I started realizing that, if I wanted popularity, I had to find it in a different way than most. I told my friend, the one with retinitis pigmentosa, that we needed to stick together. We would get a laugh now and then, because he could see centrally just fine, and I could see peripherally pretty well. So when we looked at something, he would tell me what he saw, I would tell him what I saw, and we would put it together.
I couldn’t help but feel sorry for him, though, because he didn’t have the kind of family support I had. All they seemed to care about was getting a disability check from the government. They never came to school meetings, and they never tried to get him any help. My parents offered to pay for both of us to attend a camp for the visually impaired, but his parents wouldn’t let him go. I think that was when I finally realized how wonderful my parents are and how lucky I am to have them.
Chapter 5: School
School is very difficult for me to talk about. I try to forget some of the awful things that happened to me, but here goes.

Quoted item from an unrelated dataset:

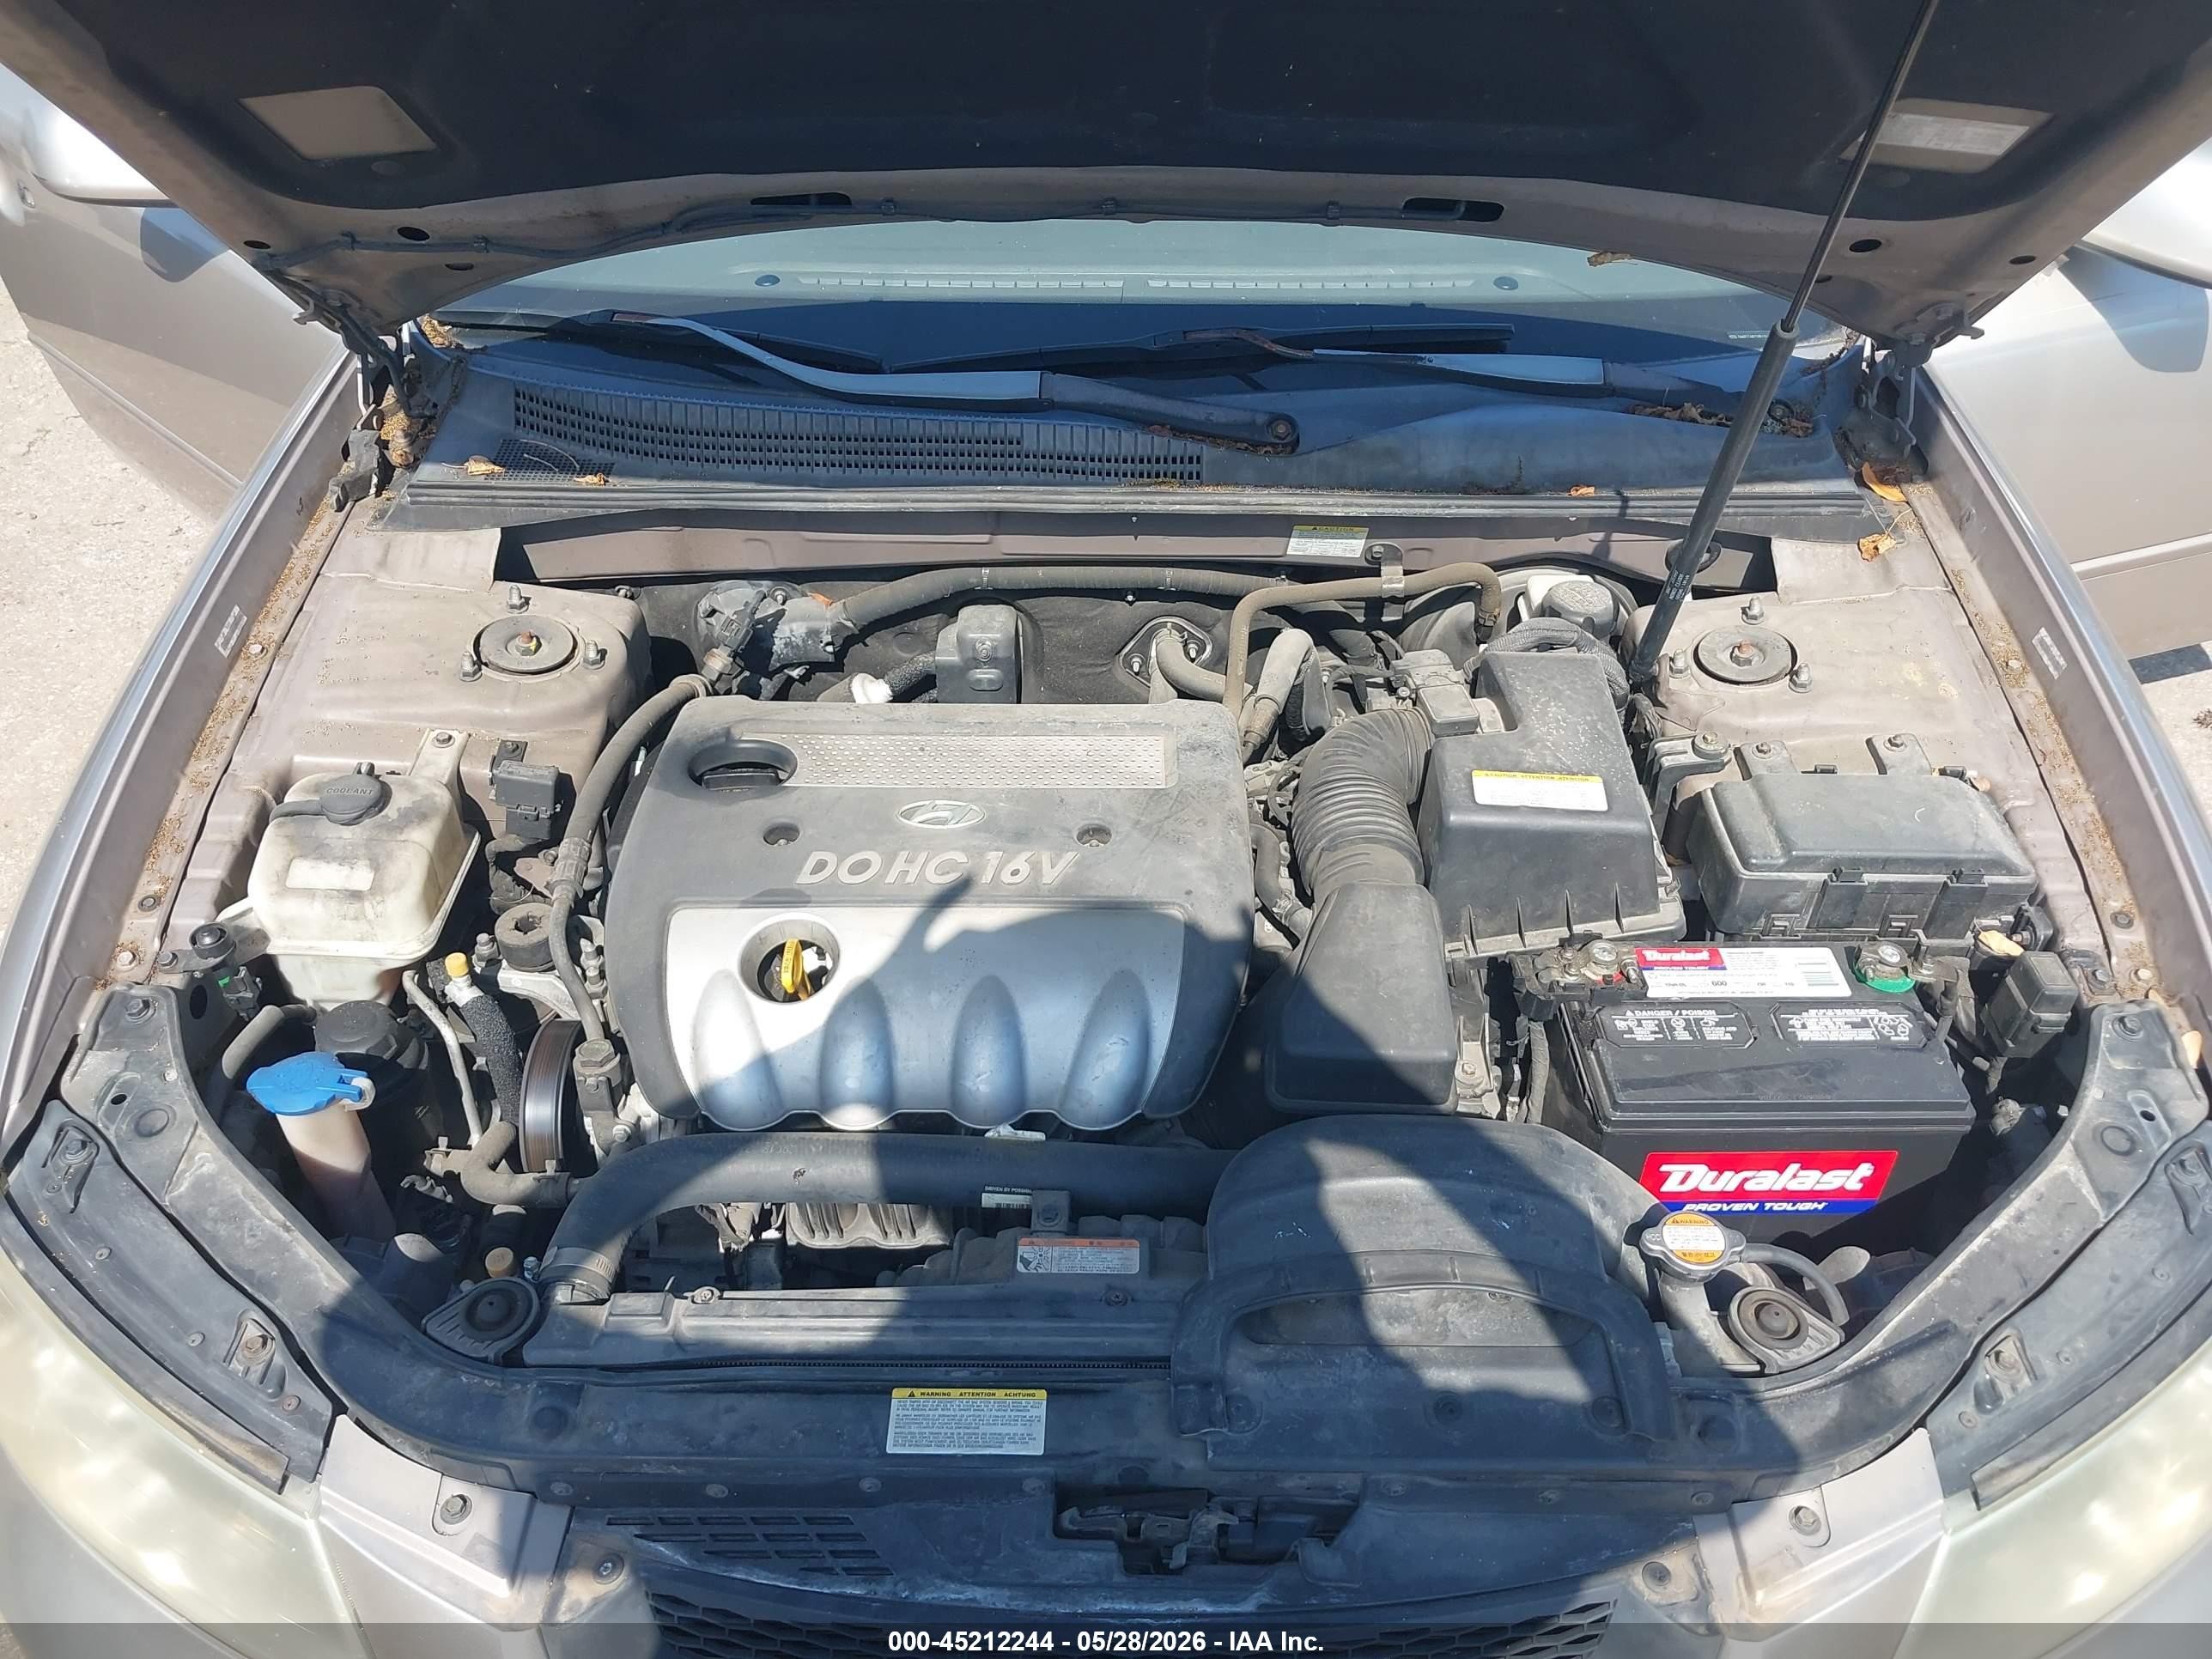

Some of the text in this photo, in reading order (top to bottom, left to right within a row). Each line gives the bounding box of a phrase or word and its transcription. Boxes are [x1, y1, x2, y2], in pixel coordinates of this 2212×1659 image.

In the beginning, Mom and I held a meeting for all of my 7th and 8th grade teachers. We wanted to educate them about Stargardt disease and what modifications I would require in order to receive an appropriate education.
We provided each teacher with a set of simulator glasses and asked them to read from the marker board. They couldn’t. We asked them to read from a book. They couldn’t. We asked them to pour liquid from one container to another. Most couldn’t. We explained that I would need larger print and that the print should be non sherif (no fancy squiggles, like Times font). We told them things like I couldn’t recognize colors, and that it would be cruel to give me an assignment requiring me to follow lines like longitude and latitude on a map.
Our time and preparation for this demonstration was wasted. Over the next three years, I learned that ignorance, cruelty and discrimination exist at all ages. Most of the teachers refused to provide the accommodations I needed. It took the district nine months to provide me with an electronic magnifier. That’s a desktop monitor you can put printed materials under to enlarge the words and pictures. Then my science teacher refused to let me use it, because he didn’t want to be responsible for it in his classroom.
My math teacher gave me what he called “fun sheets,” which were practice worksheets in eight-point font (not much larger than in a phone book). He ridiculed me in front of my peers with comments like, “What’s the matter? Ray Charles can do it, so why can’t you?” He gave me a ruler to measure things, and when I said I couldn’t see what I was measuring, he told me to just do my best . Of course, he said, I would have to take a zero.
Once, a teacher threw a piece of candy at me and hit me in the temple. I didn’t see it coming, and I was embarrassed and humiliated.
I was allowed to participate in basketball, but I was never allowed to play in an actual game. The school district felt I might get hurt, even though they had a letter from my retinal specialist saying I could participate.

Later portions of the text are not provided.